Liam Lawson vive uma preparação incomum antes do próximo compromisso da Fórmula 1, já que ainda não sabe se correrá pela Red Bull Racing ou pela Racing Bulls. A definição sobre o companheiro de equipe de Max Verstappen no GP do Azerbaijão, deve acontecer somente no início da próxima semana.
Lawson substituiu Isack Hadjar nas últimas três etapas, depois que o francês sofreu uma fratura no pulso durante a pausa da categoria, antes do GP da Holanda. Enquanto isso, Yuki Tsunoda assumiu o lugar de Lawson na Racing Bulls, deixando o neozelandês diante da possibilidade de precisar retornar a um carro que considera bastante diferente.

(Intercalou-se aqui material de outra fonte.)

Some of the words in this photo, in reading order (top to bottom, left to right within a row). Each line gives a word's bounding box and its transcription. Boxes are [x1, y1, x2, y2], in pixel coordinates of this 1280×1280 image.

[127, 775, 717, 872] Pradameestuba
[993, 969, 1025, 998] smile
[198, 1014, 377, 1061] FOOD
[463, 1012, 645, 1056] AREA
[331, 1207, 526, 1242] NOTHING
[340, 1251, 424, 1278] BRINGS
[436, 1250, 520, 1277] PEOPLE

O próprio Lawson reconheceu que a maior dificuldade neste momento está na preparação: “É mais a preparação. Fazer a preparação para os dois é um pouco difícil, assim como me acostumar com carros diferentes”, afirmou. Segundo ele, a sequência de atividades com o carro da Red Bull Racing fez com que sua adaptação avançasse, enquanto a possibilidade de mudança novamente para a Racing Bulls gera incerteza.
“É bastante complicado me preparar mentalmente para saber qual carro vou pilotar”, continuou Lawson. O piloto destacou que ainda não tem uma definição sobre o cenário que encontrará no próximo final de semana de GP.

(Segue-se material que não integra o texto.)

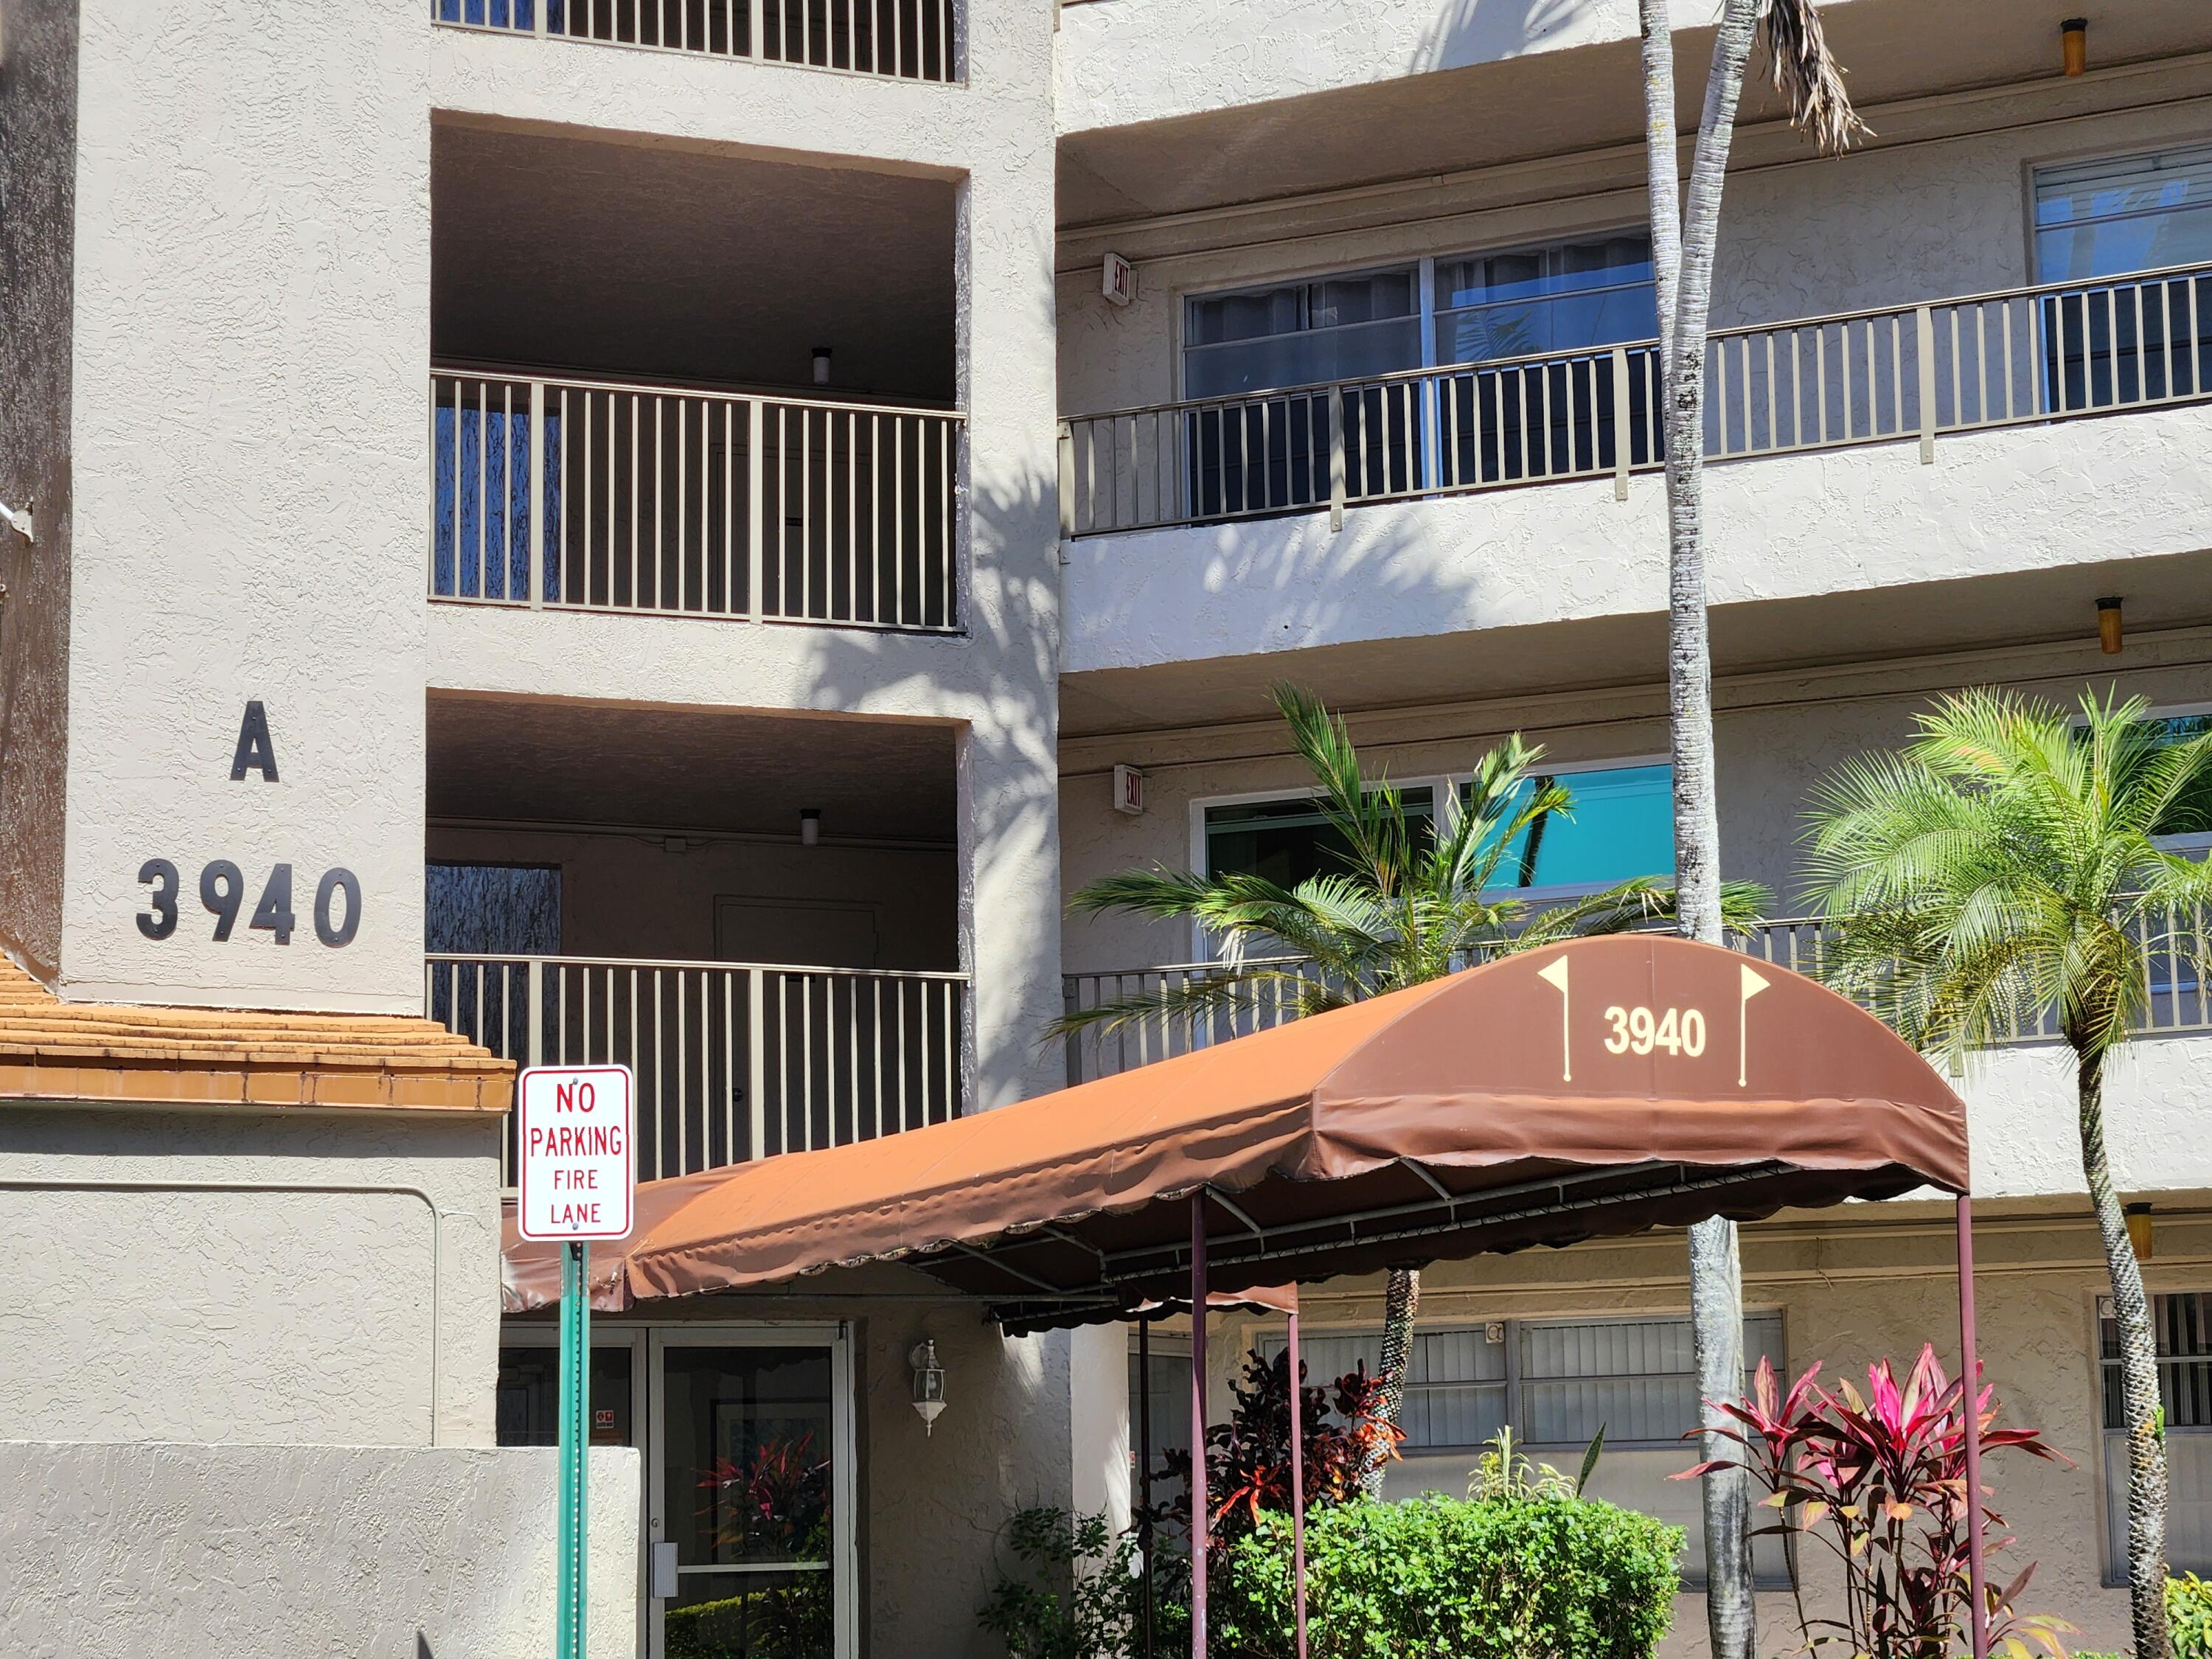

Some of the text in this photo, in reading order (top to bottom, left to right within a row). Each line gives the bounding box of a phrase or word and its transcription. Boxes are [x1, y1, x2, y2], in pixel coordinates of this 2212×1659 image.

[229, 700, 279, 783] A
[136, 858, 362, 948] 3940
[1604, 1006, 1706, 1057] 3940
[557, 1082, 596, 1113] NO
[530, 1125, 622, 1157] PARKING
[554, 1169, 598, 1190] FIRE
[550, 1203, 602, 1224] LANE

A situação também envolve a recuperação de Hadjar. O chefe da Red Bull Racing, Laurent Mekies, afirmou que o francês está evoluindo normalmente e que a equipe pretende avaliar sua condição novamente antes de decidir pelo retorno. O processo incluirá trabalho no simulador e uma exposição gradual às exigências reais da pista.

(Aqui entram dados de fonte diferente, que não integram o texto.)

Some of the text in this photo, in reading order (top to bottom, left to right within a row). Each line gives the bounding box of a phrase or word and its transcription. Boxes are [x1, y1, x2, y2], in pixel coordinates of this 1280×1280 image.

Mekies explicou que a equipe só pretende colocar Hadjar de volta ao carro se ele estiver próximo de 100% recuperado: “O que não queremos é que, ao antecipar o retorno, comprometamos sua capacidade de longo prazo de voltar a 100%”, acrescentou.
Enquanto aguarda a decisão, Lawson também voltou a pilotar o carro da Racing Bulls no teste de pneus da Pirelli em Ímola, na quarta-feira (16). Ainda assim, ele reconheceu que uma eventual mudança de retorno em fim de semana de GP seria mais complicada: “Quanto mais tempo piloto este carro (da Red Bull Racing), mais confortável fico. Voltar agora seria bastante difícil. É completamente diferente de pilotar”, completou.